- Jaisinghpur Location in Himachal Pradesh, India Jaisinghpur Jaisinghpur (India)
- Coordinates: 31°53′55″N 76°35′56″E﻿ / ﻿31.898615°N 76.598931°E
- Country: India
- State: Himachal Pradesh
- District: Kangra
- Elevation: 592 m (1,942 ft)

Population (2005)
- • Total: 1,273

Languages
- • Official: Hindi
- • Native: Kangri
- Time zone: UTC+5:30 (IST)
- PIN: 176095
- Telephone code: 911894xxxxxx
- Vehicle registration: HP-56

= Jaisinghpur =

Jaisinghpur is a small town and subdivision in Kangra district of Himachal Pradesh, India. There are two tehsils: the main tehsil is in Jaisinghpur and the sub tehsil is in Alampur. The population of Jaisinghpur is 2,602 and the overall population of Jaisinghpur subdivision is 58,623.

==Etymology==
The town was named after Katoch, a Chandravanshi Rajput king of the princely estate of Kangra-Lambagraon, His Highness Maharaja Shri Jai Singh Katoch who established Jaisinghpur in 1813 "History of Jaisinghpur".
==Festival and fair==

Jaisinghpur has been known as the first place in Kangra, or perhaps the entire province, for staging the Ramlila festival. Ramlila of Jaisinghpur started around 90 years ago and almost all the actors that participated were Brahmin, mainly from the Awasthi community. The uniqueness of the Ramlila was the Sanskrit language used at that time, most Ramlilas in North India are based on the 16th century Avadhi version of Ramayana, Ramcharitmanas, written by Gosvami Tulsidas entirely in verse, thus used as dialogues in most traditional versions.

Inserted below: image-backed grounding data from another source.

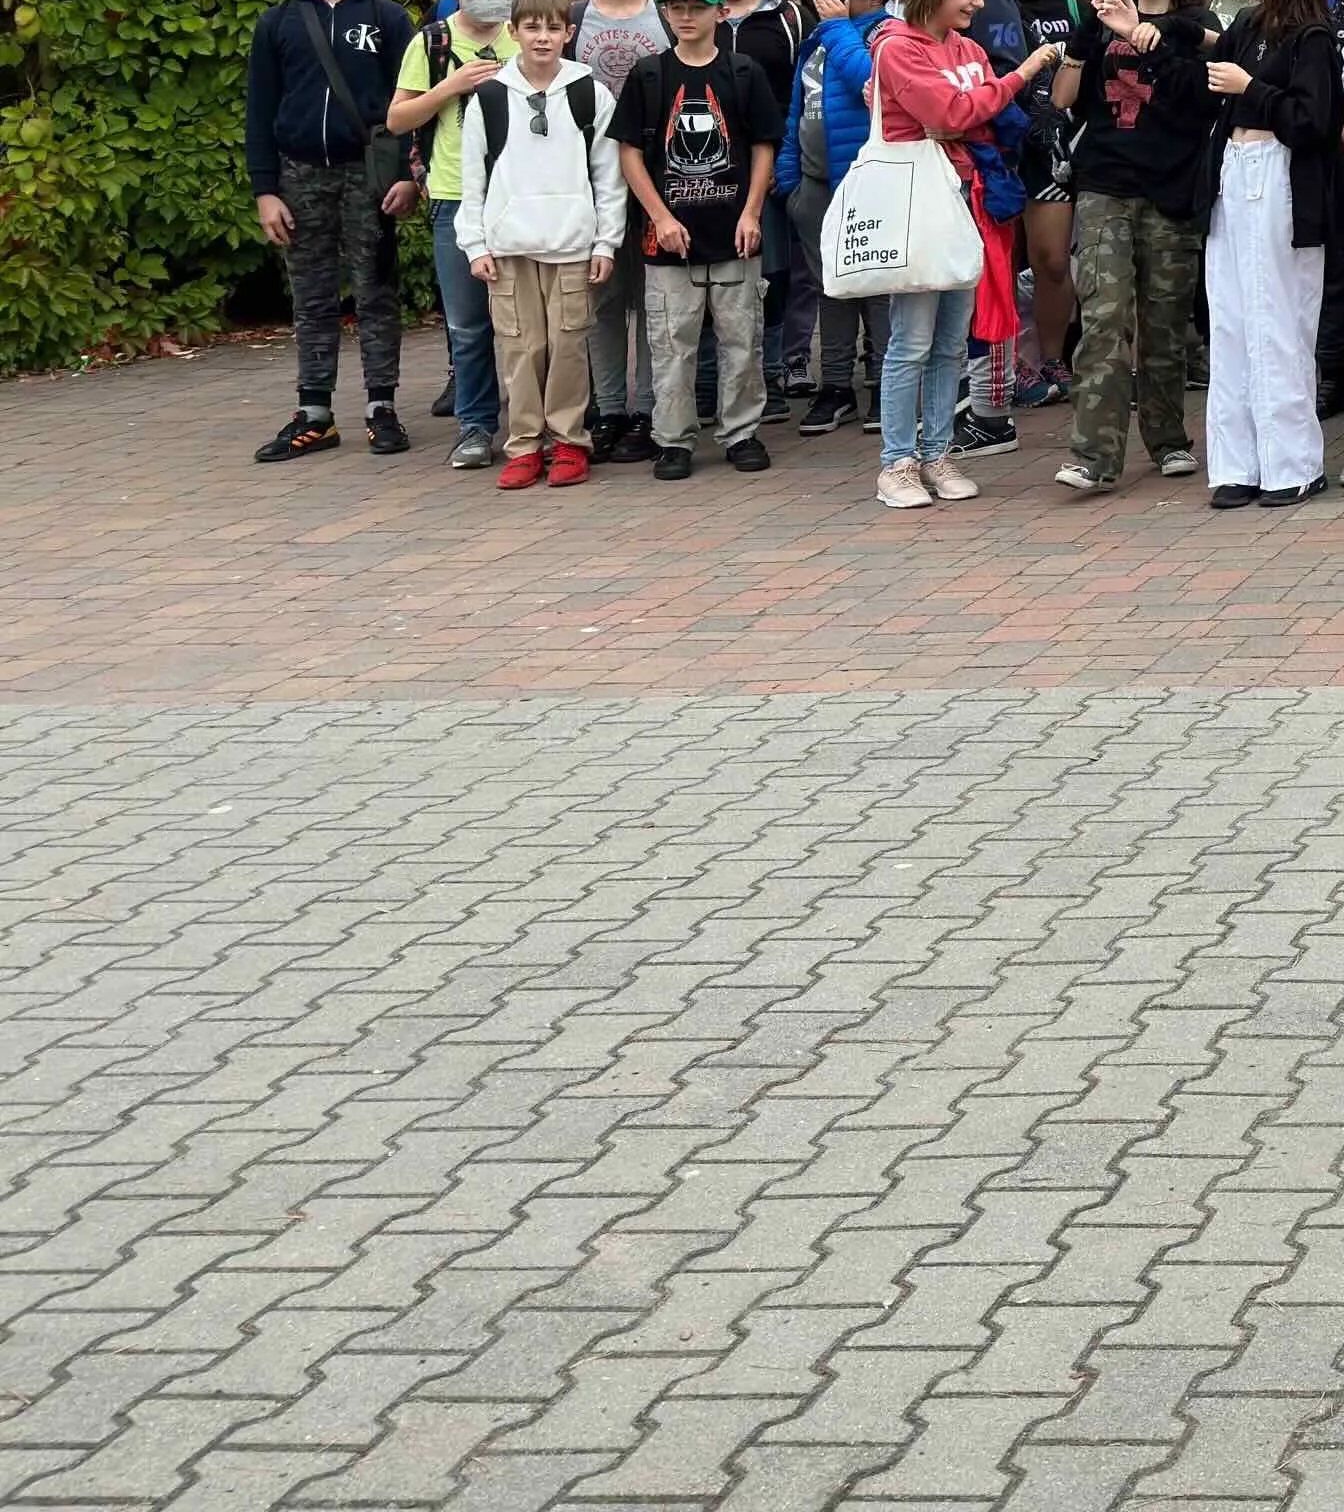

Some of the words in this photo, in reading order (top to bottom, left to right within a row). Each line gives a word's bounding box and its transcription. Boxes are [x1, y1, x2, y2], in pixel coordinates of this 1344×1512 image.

[988, 22, 1019, 48] 76
[665, 184, 739, 204] FURIOUS
[847, 207, 857, 222] #
[846, 219, 883, 235] wear
[844, 234, 869, 250] the
[843, 248, 899, 266] change
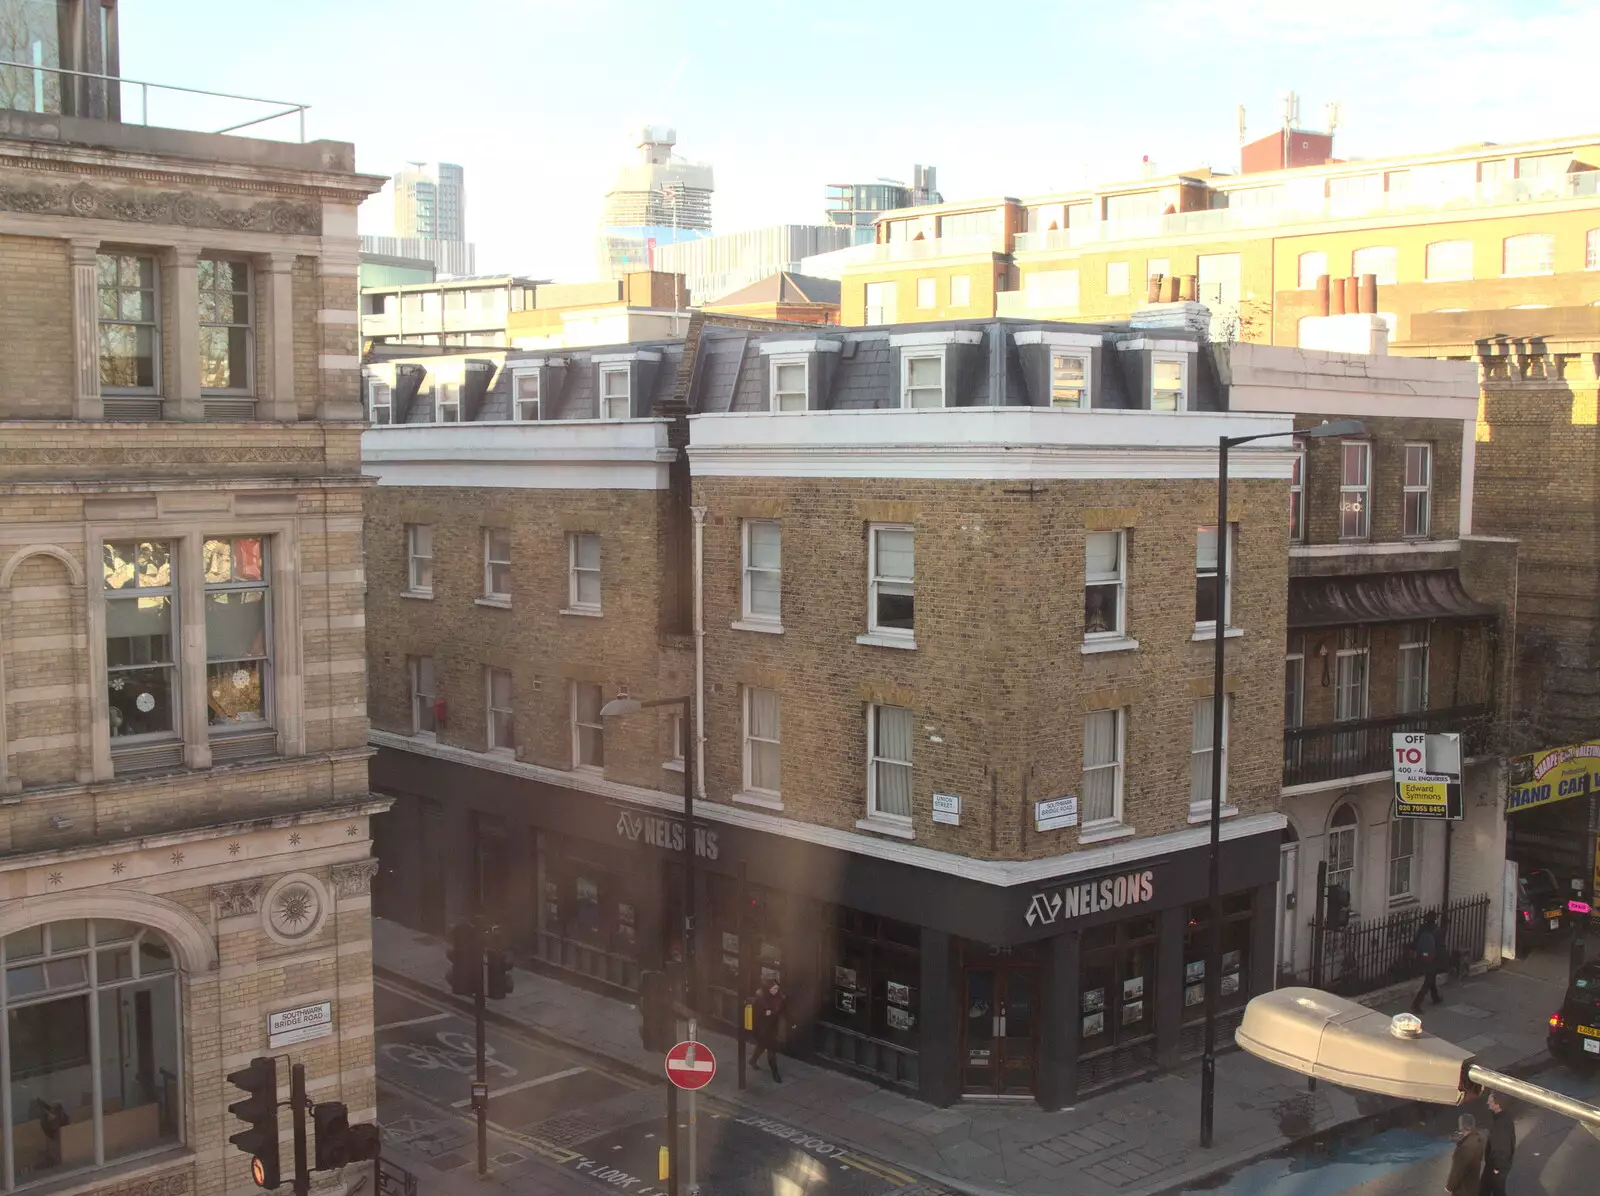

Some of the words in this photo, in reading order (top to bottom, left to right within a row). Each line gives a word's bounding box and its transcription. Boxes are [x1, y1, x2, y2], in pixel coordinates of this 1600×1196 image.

[1404, 735, 1425, 744] OFF
[1396, 748, 1422, 764] TO
[1406, 784, 1434, 793] Edward
[1406, 792, 1442, 801] Symmons
[1510, 783, 1551, 808] HAND
[934, 800, 953, 809] STREET
[644, 816, 719, 860] NELSNS
[1065, 871, 1153, 919] NELSONS
[274, 1016, 302, 1028] BRIDGE
[303, 1012, 324, 1022] ROAD
[282, 1006, 322, 1020] SOUTHWARK
[789, 1133, 849, 1159] LOOK
[588, 1165, 641, 1188] LOOK

Jaisinghpur is also famous for its annual fair known as Holian which is celebrated in March during Holi, the festival of colours. The Holian of Jaisinghpur is famous for its delicious Aalu Chholey and Jalebi. Holian continues for almost a week. The holding of kushti (wrestling) at Dargah during Holi is an annual affair spectated by multiple visitors.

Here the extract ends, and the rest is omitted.